_Task prompt_
When you copy the entries, match them exactly and omit the pictures.

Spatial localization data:
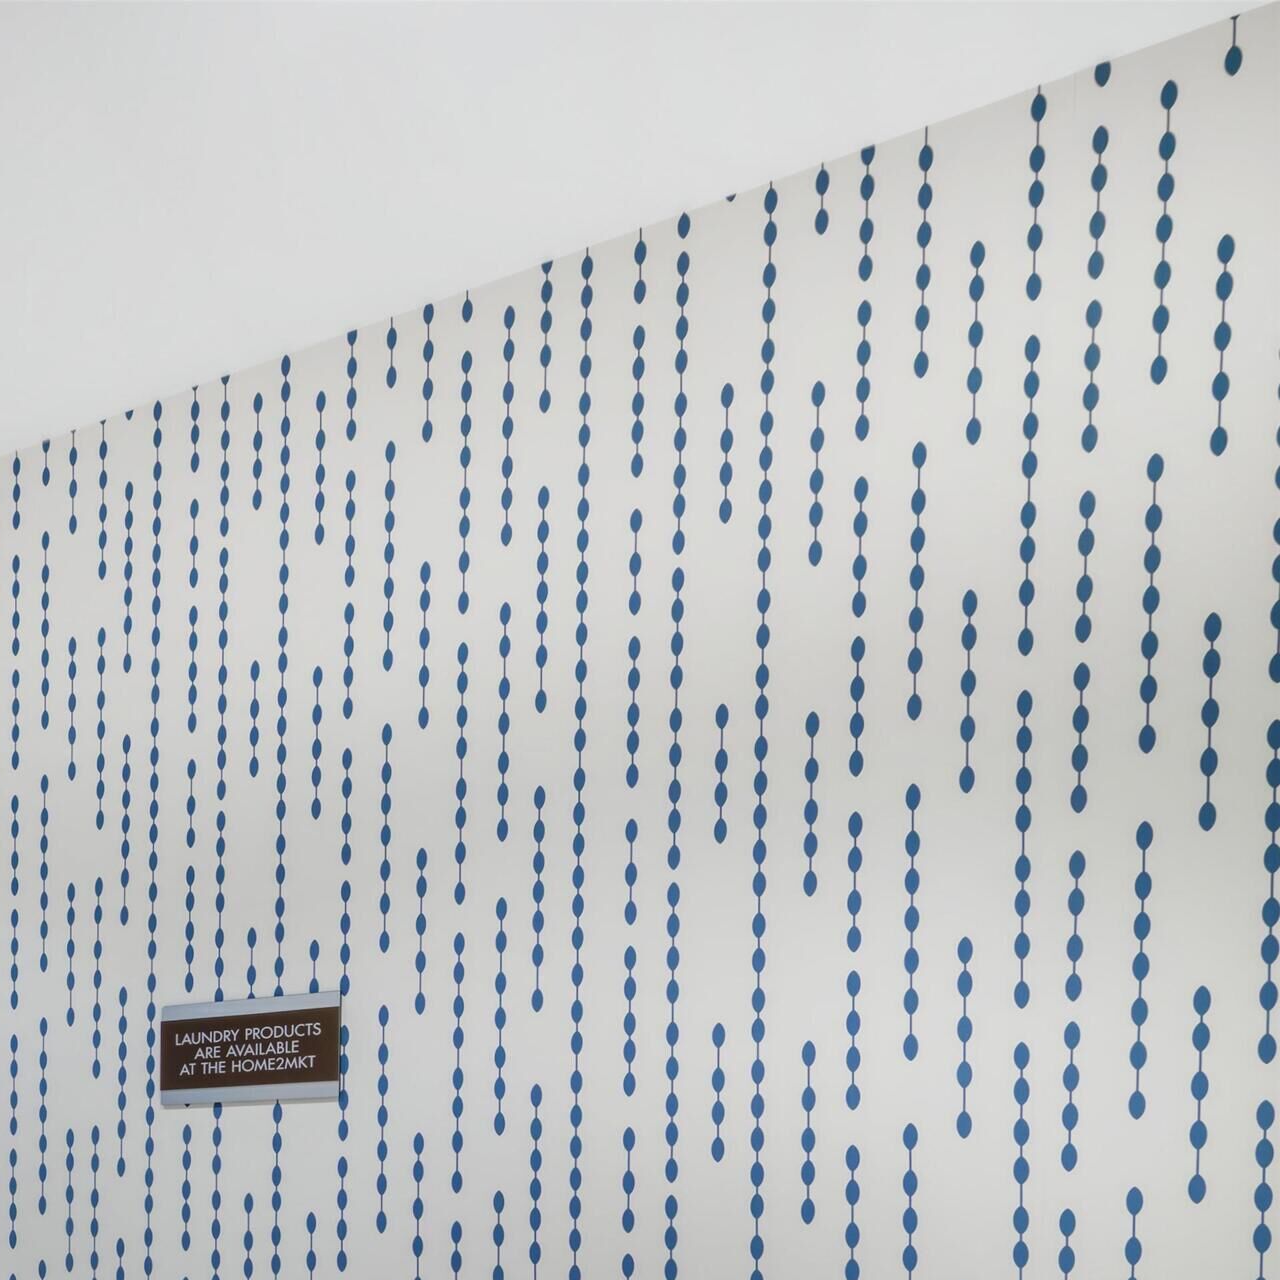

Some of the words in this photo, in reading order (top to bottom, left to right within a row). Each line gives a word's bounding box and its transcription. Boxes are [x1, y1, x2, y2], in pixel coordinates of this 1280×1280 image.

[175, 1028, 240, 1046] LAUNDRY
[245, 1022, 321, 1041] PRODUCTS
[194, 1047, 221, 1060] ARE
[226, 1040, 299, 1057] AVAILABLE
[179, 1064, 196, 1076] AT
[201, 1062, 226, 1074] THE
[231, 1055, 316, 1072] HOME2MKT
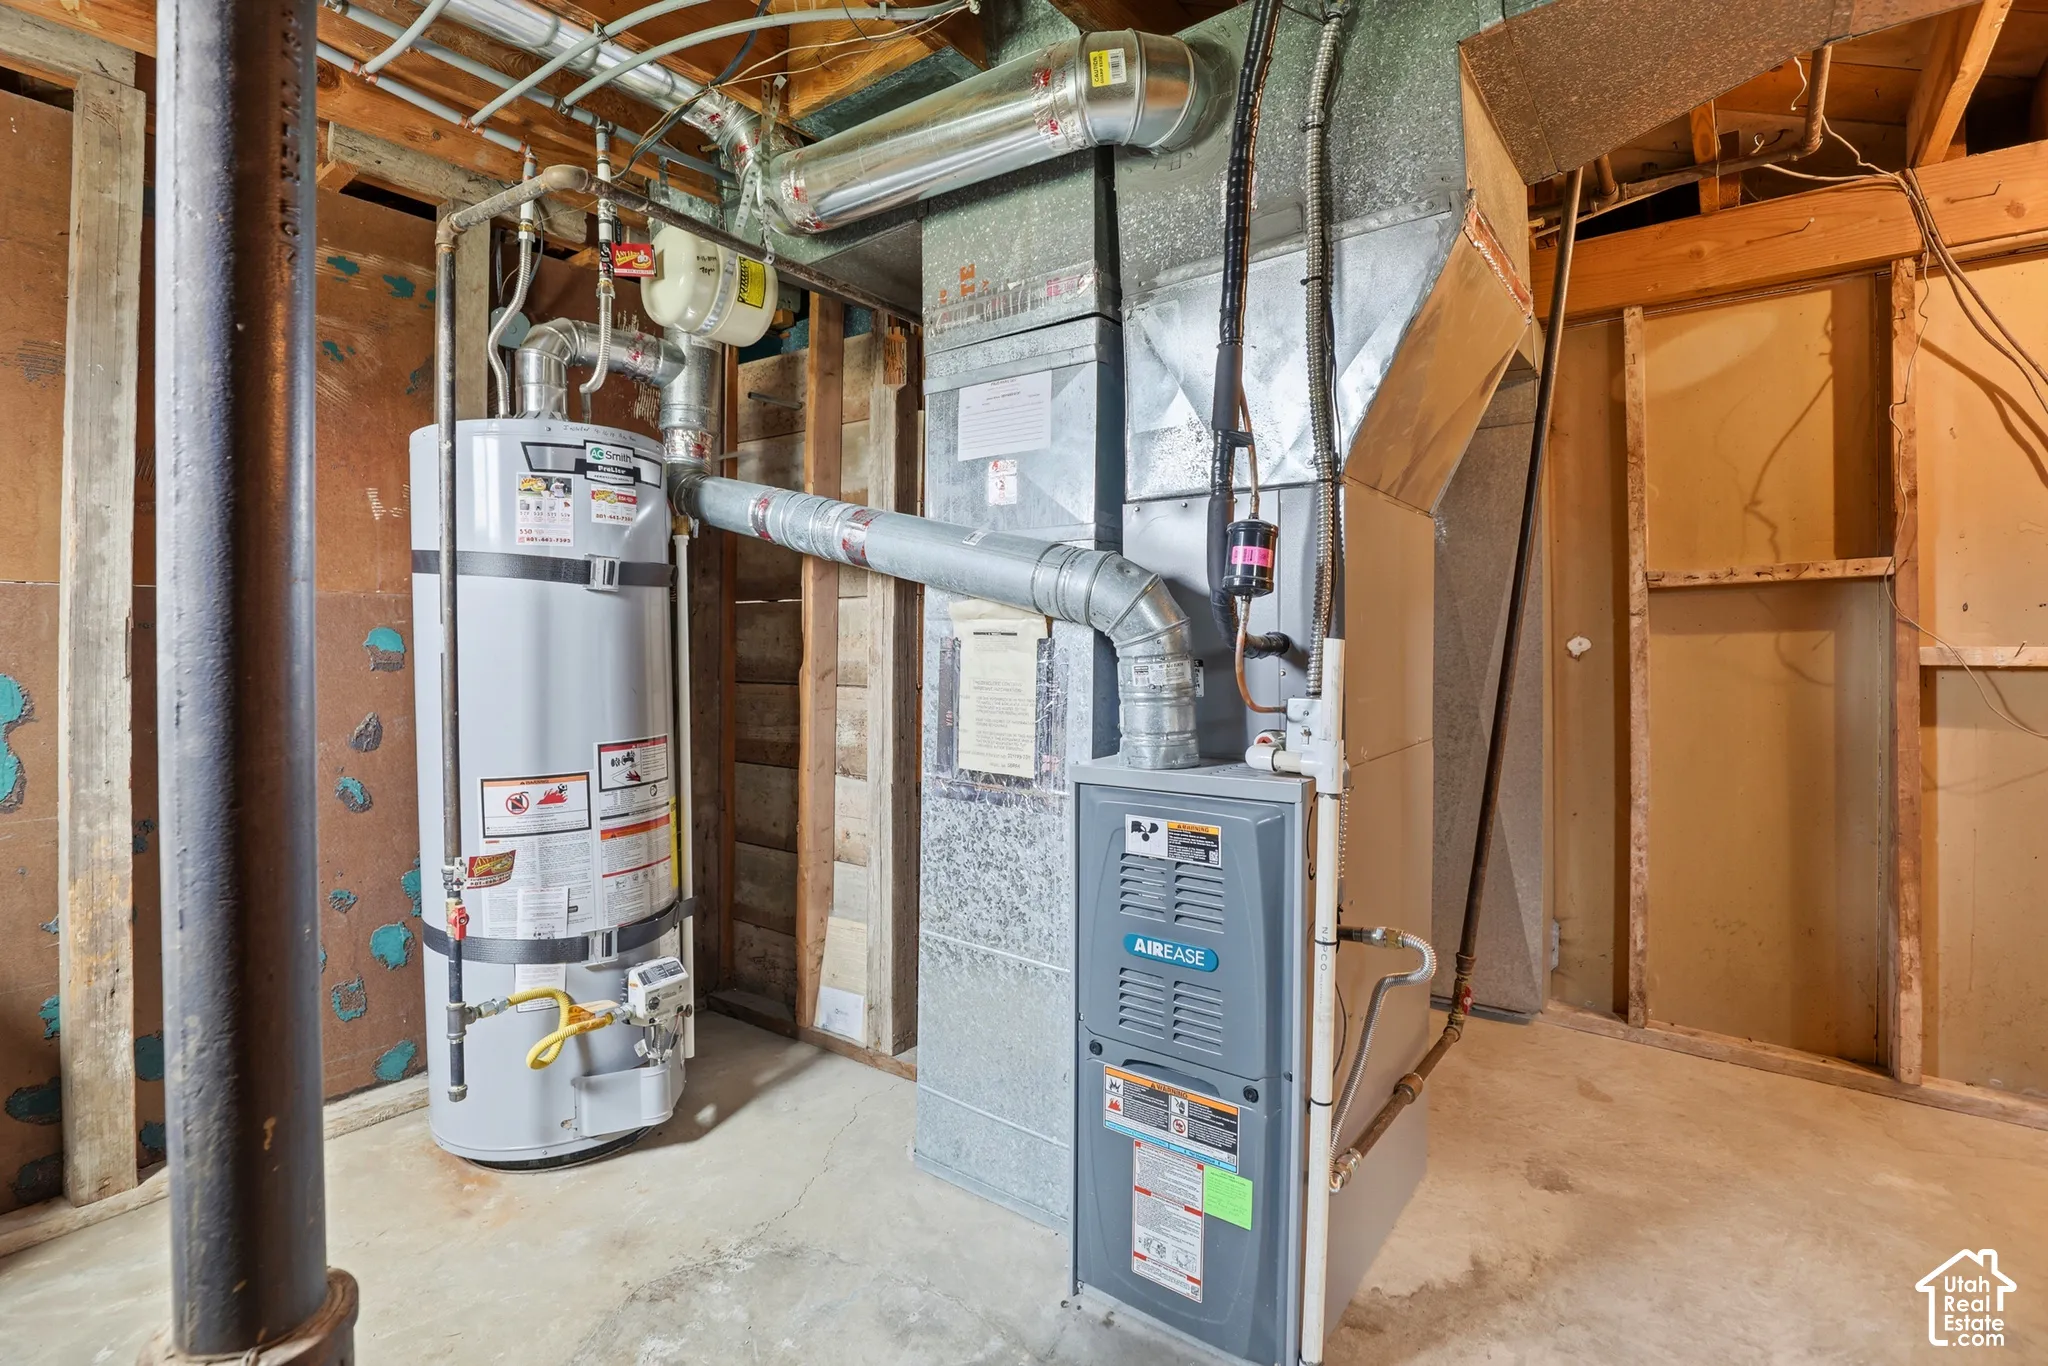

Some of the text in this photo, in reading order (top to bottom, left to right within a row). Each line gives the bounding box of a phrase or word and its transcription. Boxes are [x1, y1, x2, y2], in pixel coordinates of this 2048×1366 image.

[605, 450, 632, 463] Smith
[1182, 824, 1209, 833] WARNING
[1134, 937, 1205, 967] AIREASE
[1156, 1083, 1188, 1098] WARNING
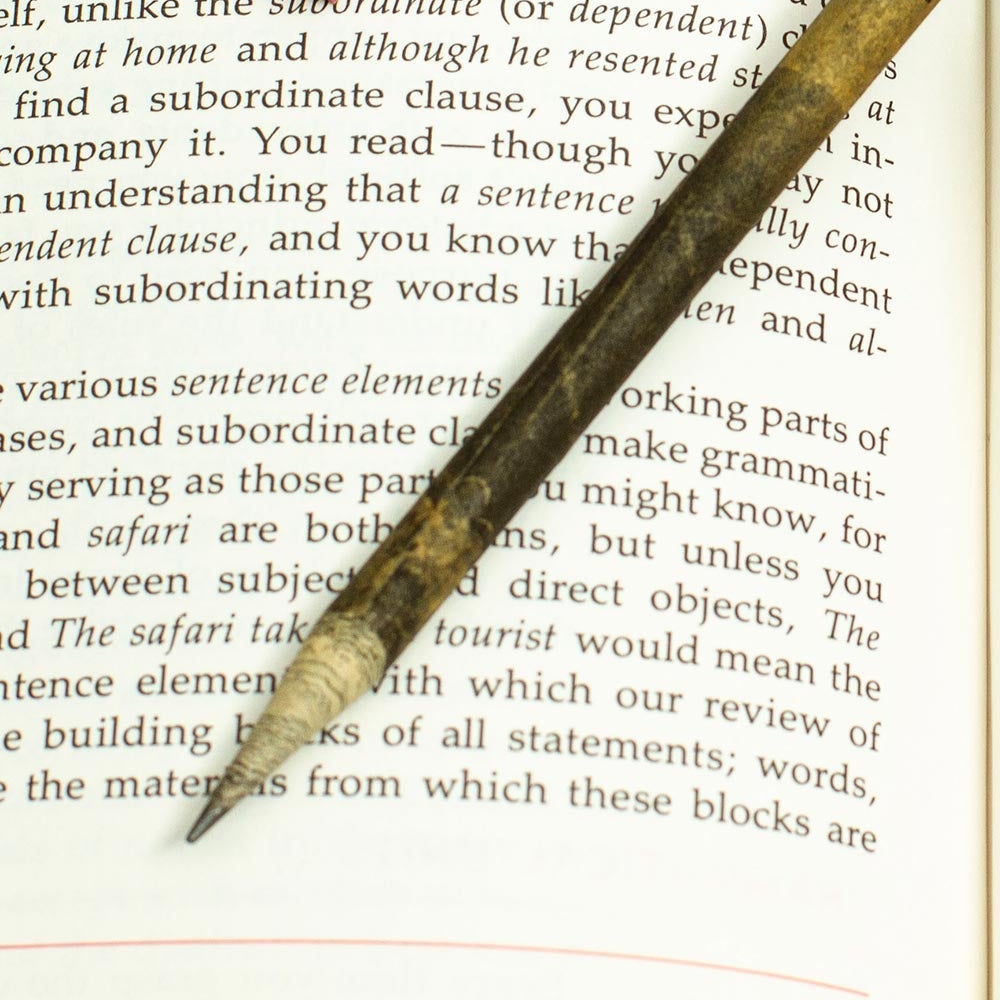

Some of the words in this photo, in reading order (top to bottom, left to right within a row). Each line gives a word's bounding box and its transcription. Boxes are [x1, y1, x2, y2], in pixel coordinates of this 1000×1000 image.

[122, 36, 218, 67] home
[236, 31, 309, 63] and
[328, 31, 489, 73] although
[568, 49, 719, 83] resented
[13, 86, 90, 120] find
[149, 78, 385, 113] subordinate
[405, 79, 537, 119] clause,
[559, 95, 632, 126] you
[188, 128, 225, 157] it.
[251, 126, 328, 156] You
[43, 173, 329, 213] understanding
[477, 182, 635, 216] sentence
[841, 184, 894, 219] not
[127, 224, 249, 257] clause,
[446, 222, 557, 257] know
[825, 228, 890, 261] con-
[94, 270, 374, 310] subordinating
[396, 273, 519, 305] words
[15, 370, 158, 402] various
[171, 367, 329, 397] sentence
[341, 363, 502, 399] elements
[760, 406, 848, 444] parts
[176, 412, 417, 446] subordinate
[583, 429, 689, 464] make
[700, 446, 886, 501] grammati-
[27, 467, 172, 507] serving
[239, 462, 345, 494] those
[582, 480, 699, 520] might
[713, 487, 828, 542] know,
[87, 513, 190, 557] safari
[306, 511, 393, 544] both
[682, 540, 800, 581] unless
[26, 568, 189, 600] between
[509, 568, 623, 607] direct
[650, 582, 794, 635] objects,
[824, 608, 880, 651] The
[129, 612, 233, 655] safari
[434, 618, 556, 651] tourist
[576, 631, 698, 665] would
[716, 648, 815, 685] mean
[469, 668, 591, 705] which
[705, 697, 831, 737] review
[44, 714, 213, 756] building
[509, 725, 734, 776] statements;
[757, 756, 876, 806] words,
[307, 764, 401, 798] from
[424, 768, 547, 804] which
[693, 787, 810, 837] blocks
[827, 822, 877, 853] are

_Solution for this problem_
Some of the words in this photo, in reading order (top to bottom, left to right within a row). Each line gives a word's bounding box and its transcription. Boxes are [x1, y1, x2, y2], in pixel coordinates of this 1280×1280 image.

[175, 1028, 240, 1046] LAUNDRY
[245, 1022, 321, 1041] PRODUCTS
[194, 1047, 221, 1060] ARE
[226, 1040, 299, 1057] AVAILABLE
[179, 1064, 196, 1076] AT
[201, 1062, 226, 1074] THE
[231, 1055, 316, 1072] HOME2MKT

Some of the text in this photo, in reading order (top to bottom, left to right within a row). Each line gives the bounding box of a phrase or word and its transcription. Boxes are [x1, y1, x2, y2], in pixel coordinates of this 2048×1366 image.

[605, 450, 632, 463] Smith
[1182, 824, 1209, 833] WARNING
[1134, 937, 1205, 967] AIREASE
[1156, 1083, 1188, 1098] WARNING

Some of the words in this photo, in reading order (top to bottom, left to right within a row). Each line gives a word's bounding box and its transcription. Boxes are [x1, y1, x2, y2], in pixel coordinates of this 1000×1000 image.

[122, 36, 218, 67] home
[236, 31, 309, 63] and
[328, 31, 489, 73] although
[568, 49, 719, 83] resented
[13, 86, 90, 120] find
[149, 78, 385, 113] subordinate
[405, 79, 537, 119] clause,
[559, 95, 632, 126] you
[188, 128, 225, 157] it.
[251, 126, 328, 156] You
[43, 173, 329, 213] understanding
[477, 182, 635, 216] sentence
[841, 184, 894, 219] not
[127, 224, 249, 257] clause,
[446, 222, 557, 257] know
[825, 228, 890, 261] con-
[94, 270, 374, 310] subordinating
[396, 273, 519, 305] words
[15, 370, 158, 402] various
[171, 367, 329, 397] sentence
[341, 363, 502, 399] elements
[760, 406, 848, 444] parts
[176, 412, 417, 446] subordinate
[583, 429, 689, 464] make
[700, 446, 886, 501] grammati-
[27, 467, 172, 507] serving
[239, 462, 345, 494] those
[582, 480, 699, 520] might
[713, 487, 828, 542] know,
[87, 513, 190, 557] safari
[306, 511, 393, 544] both
[682, 540, 800, 581] unless
[26, 568, 189, 600] between
[509, 568, 623, 607] direct
[650, 582, 794, 635] objects,
[824, 608, 880, 651] The
[129, 612, 233, 655] safari
[434, 618, 556, 651] tourist
[576, 631, 698, 665] would
[716, 648, 815, 685] mean
[469, 668, 591, 705] which
[705, 697, 831, 737] review
[44, 714, 213, 756] building
[509, 725, 734, 776] statements;
[757, 756, 876, 806] words,
[307, 764, 401, 798] from
[424, 768, 547, 804] which
[693, 787, 810, 837] blocks
[827, 822, 877, 853] are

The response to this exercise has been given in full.